[Free-text object descriptions]

╔══

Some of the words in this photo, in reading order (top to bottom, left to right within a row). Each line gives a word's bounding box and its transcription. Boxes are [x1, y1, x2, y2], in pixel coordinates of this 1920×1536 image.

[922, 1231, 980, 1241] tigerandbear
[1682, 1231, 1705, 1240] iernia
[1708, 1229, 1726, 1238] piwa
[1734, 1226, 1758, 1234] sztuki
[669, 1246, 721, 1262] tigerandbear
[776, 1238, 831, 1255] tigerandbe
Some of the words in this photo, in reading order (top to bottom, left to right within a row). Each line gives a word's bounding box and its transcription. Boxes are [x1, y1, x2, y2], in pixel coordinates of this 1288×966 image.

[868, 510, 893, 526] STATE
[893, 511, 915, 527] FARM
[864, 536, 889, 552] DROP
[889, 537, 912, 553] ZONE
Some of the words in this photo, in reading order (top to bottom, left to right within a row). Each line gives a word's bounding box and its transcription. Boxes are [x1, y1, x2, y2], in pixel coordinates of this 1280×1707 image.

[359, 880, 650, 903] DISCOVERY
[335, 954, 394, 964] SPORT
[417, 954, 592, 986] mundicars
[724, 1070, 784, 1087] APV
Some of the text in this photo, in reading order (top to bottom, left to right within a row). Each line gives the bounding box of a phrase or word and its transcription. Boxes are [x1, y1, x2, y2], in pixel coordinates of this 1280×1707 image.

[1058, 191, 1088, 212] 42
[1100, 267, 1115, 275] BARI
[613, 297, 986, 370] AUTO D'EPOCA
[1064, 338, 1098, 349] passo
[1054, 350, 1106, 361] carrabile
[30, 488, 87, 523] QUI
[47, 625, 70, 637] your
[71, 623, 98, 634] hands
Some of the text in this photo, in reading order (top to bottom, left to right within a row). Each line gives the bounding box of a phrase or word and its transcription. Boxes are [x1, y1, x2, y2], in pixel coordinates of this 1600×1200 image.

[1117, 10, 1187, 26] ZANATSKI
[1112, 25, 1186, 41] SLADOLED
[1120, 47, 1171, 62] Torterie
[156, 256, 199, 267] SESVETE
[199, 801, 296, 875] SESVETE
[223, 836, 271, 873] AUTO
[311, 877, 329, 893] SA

╚══

An exact transcription of every record above is required.

Some of the words in this photo, in reading order (top to bottom, left to right within a row). Each line gives a word's bounding box and its transcription. Boxes are [x1, y1, x2, y2], in pixel coordinates of this 1920×1536 image.

[922, 1231, 980, 1241] tigerandbear
[1682, 1231, 1705, 1240] iernia
[1708, 1229, 1726, 1238] piwa
[1734, 1226, 1758, 1234] sztuki
[669, 1246, 721, 1262] tigerandbear
[776, 1238, 831, 1255] tigerandbe
Some of the words in this photo, in reading order (top to bottom, left to right within a row). Each line gives a word's bounding box and its transcription. Boxes are [x1, y1, x2, y2], in pixel coordinates of this 1288×966 image.

[868, 510, 893, 526] STATE
[893, 511, 915, 527] FARM
[864, 536, 889, 552] DROP
[889, 537, 912, 553] ZONE
Some of the words in this photo, in reading order (top to bottom, left to right within a row). Each line gives a word's bounding box and its transcription. Boxes are [x1, y1, x2, y2], in pixel coordinates of this 1280×1707 image.

[359, 880, 650, 903] DISCOVERY
[335, 954, 394, 964] SPORT
[417, 954, 592, 986] mundicars
[724, 1070, 784, 1087] APV
Some of the text in this photo, in reading order (top to bottom, left to right within a row). Each line gives the bounding box of a phrase or word and its transcription. Boxes are [x1, y1, x2, y2], in pixel coordinates of this 1280×1707 image.

[1058, 191, 1088, 212] 42
[1100, 267, 1115, 275] BARI
[613, 297, 986, 370] AUTO D'EPOCA
[1064, 338, 1098, 349] passo
[1054, 350, 1106, 361] carrabile
[30, 488, 87, 523] QUI
[47, 625, 70, 637] your
[71, 623, 98, 634] hands
Some of the text in this photo, in reading order (top to bottom, left to right within a row). Each line gives the bounding box of a phrase or word and its transcription. Boxes are [x1, y1, x2, y2], in pixel coordinates of this 1600×1200 image.

[1117, 10, 1187, 26] ZANATSKI
[1112, 25, 1186, 41] SLADOLED
[1120, 47, 1171, 62] Torterie
[156, 256, 199, 267] SESVETE
[199, 801, 296, 875] SESVETE
[223, 836, 271, 873] AUTO
[311, 877, 329, 893] SA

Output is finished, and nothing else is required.